## What the task asks
Could you output each line below precisely as it stands, without the images?

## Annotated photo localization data
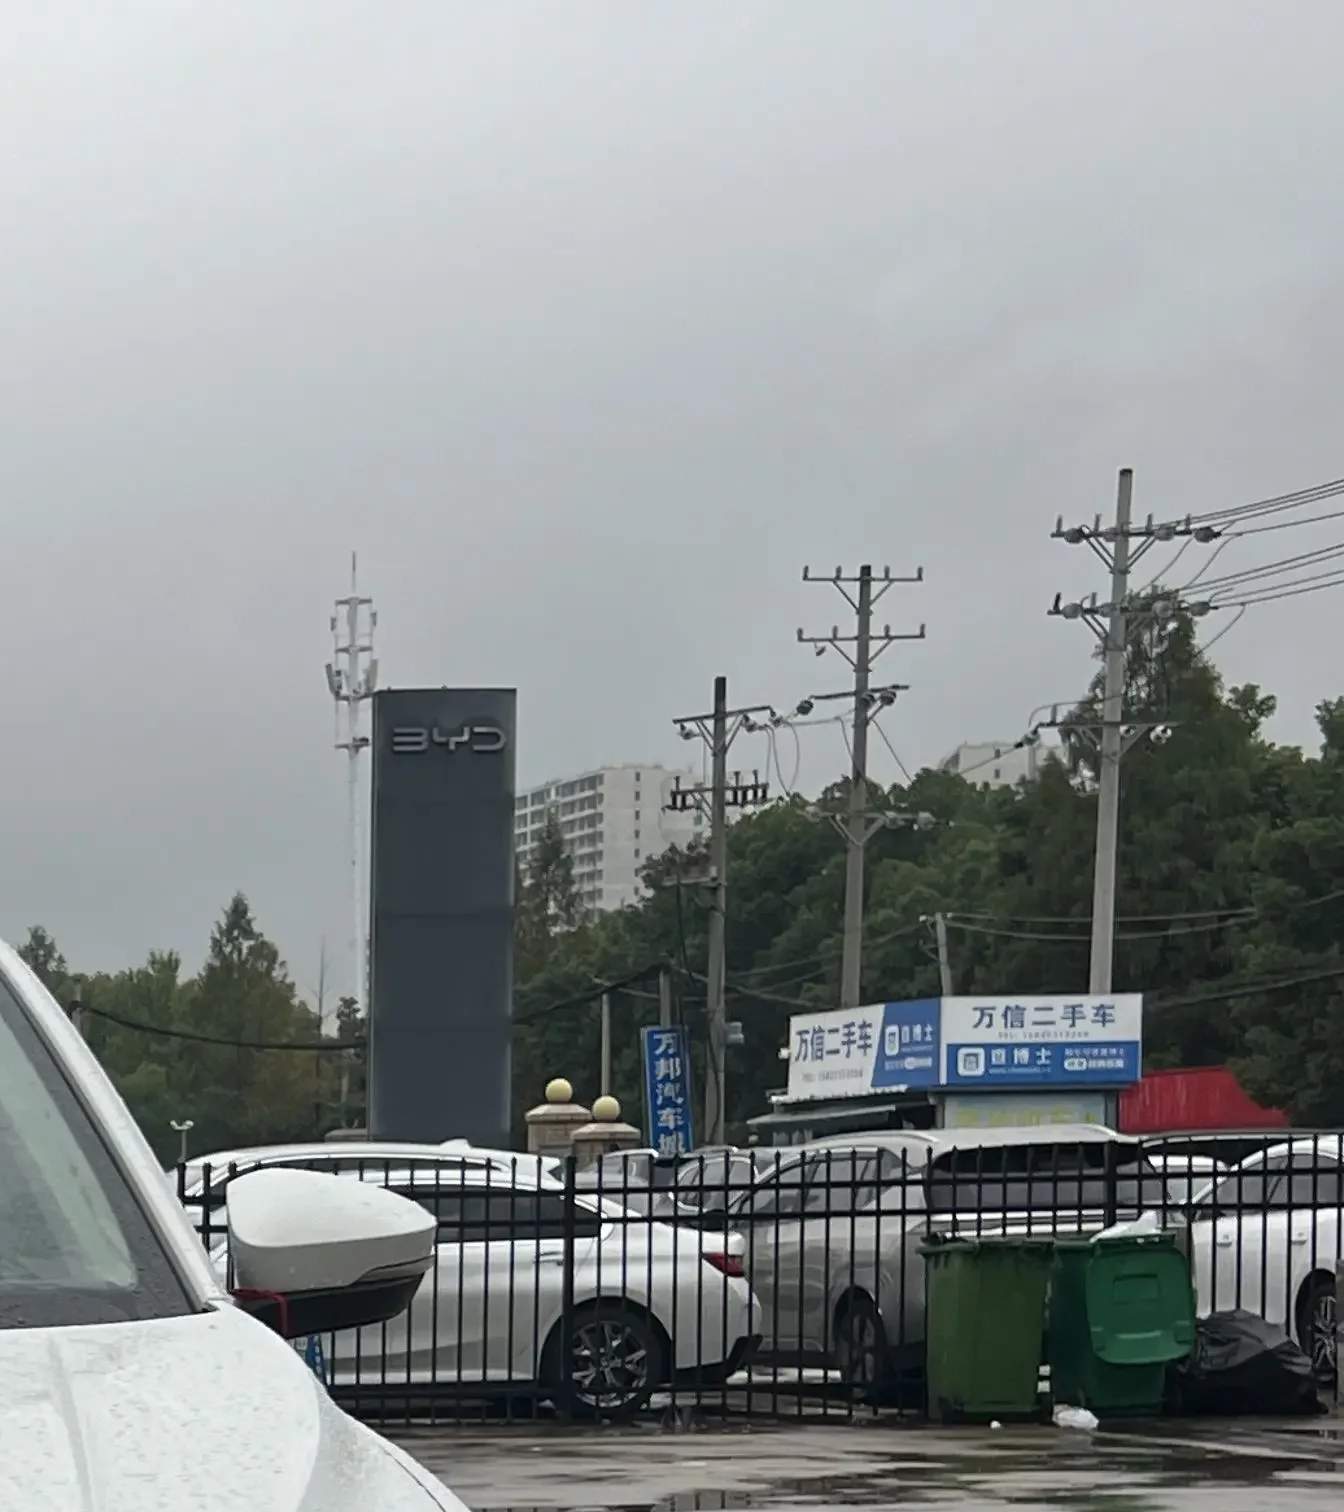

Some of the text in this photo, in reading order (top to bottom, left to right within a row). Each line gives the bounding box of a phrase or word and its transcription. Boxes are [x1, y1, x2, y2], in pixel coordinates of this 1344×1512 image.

[393, 726, 507, 751] BYD
[969, 1003, 1116, 1029] 万信二手车
[794, 1019, 873, 1062] 万信二手车
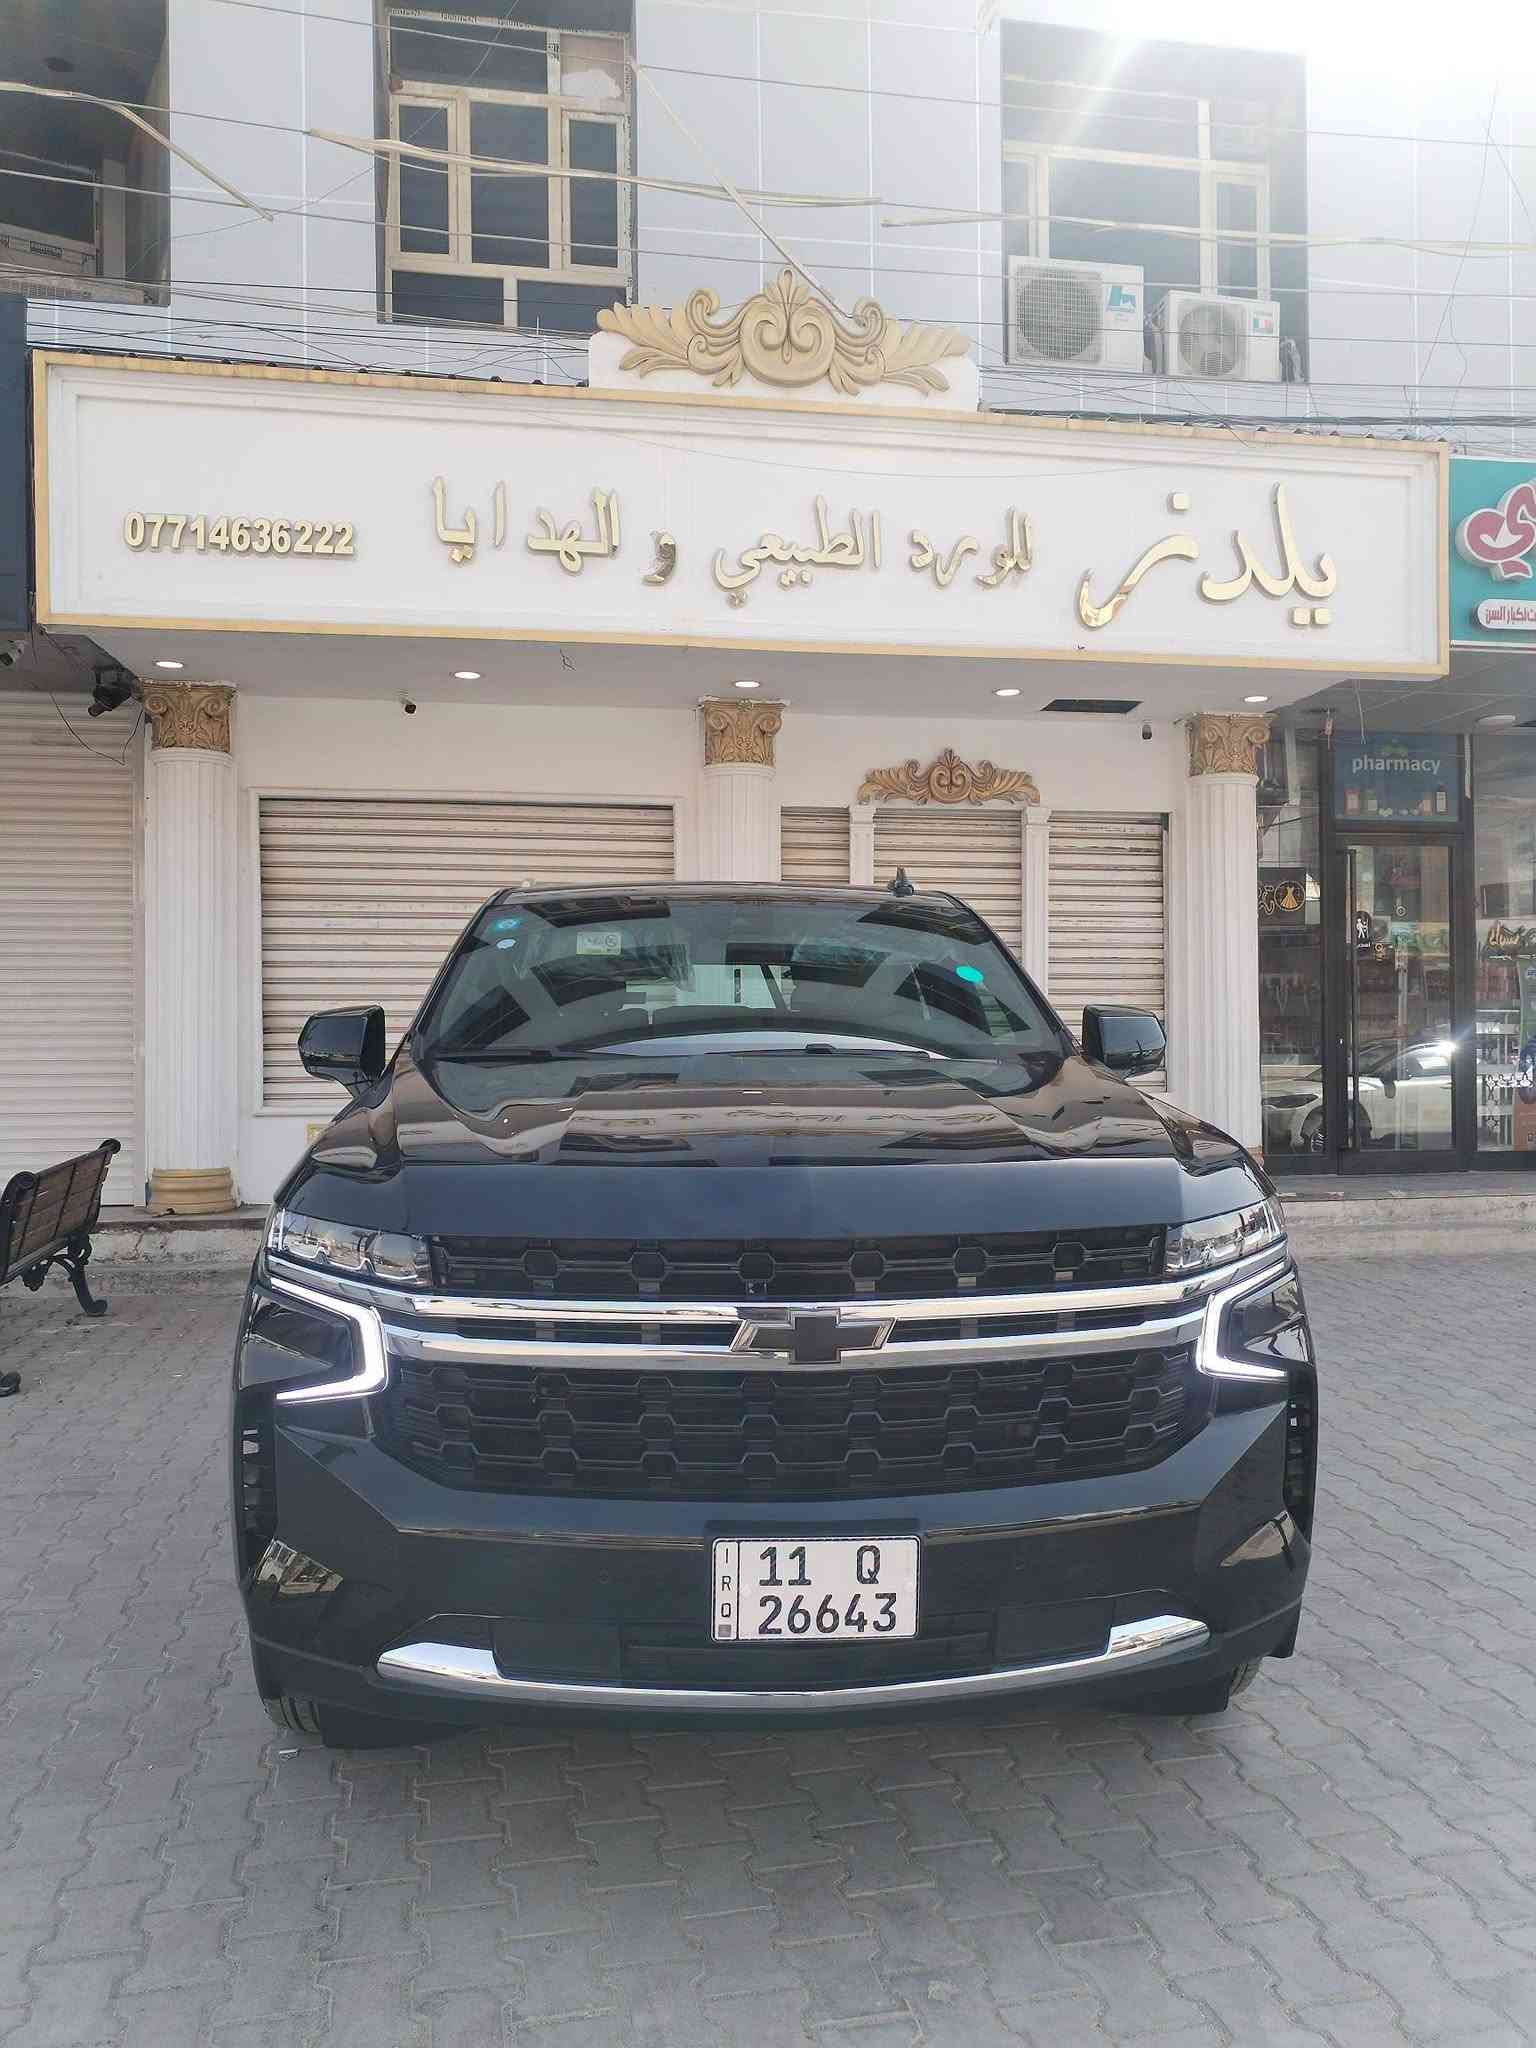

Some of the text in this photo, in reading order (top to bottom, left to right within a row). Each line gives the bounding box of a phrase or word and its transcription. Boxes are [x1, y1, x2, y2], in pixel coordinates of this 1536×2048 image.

[124, 511, 354, 555] 07714636222
[711, 494, 881, 608] الطبيعي
[909, 504, 1032, 586] الورد
[641, 530, 676, 584] و
[1351, 754, 1441, 775] pharmacy
[759, 1545, 881, 1586] 11 Q
[758, 1592, 897, 1635] 26643

## Reply
Some of the text in this photo, in reading order (top to bottom, left to right within a row). Each line gives the bounding box of a phrase or word and its transcription. Boxes are [x1, y1, x2, y2], in pixel coordinates of this 1344×1512 image.

[393, 726, 507, 751] BYD
[969, 1003, 1116, 1029] 万信二手车
[794, 1019, 873, 1062] 万信二手车

Some of the text in this photo, in reading order (top to bottom, left to right within a row). Each line gives the bounding box of a phrase or word and its transcription. Boxes are [x1, y1, x2, y2], in pixel coordinates of this 1536×2048 image.

[124, 511, 354, 555] 07714636222
[711, 494, 881, 608] الطبيعي
[909, 504, 1032, 586] الورد
[641, 530, 676, 584] و
[1351, 754, 1441, 775] pharmacy
[759, 1545, 881, 1586] 11 Q
[758, 1592, 897, 1635] 26643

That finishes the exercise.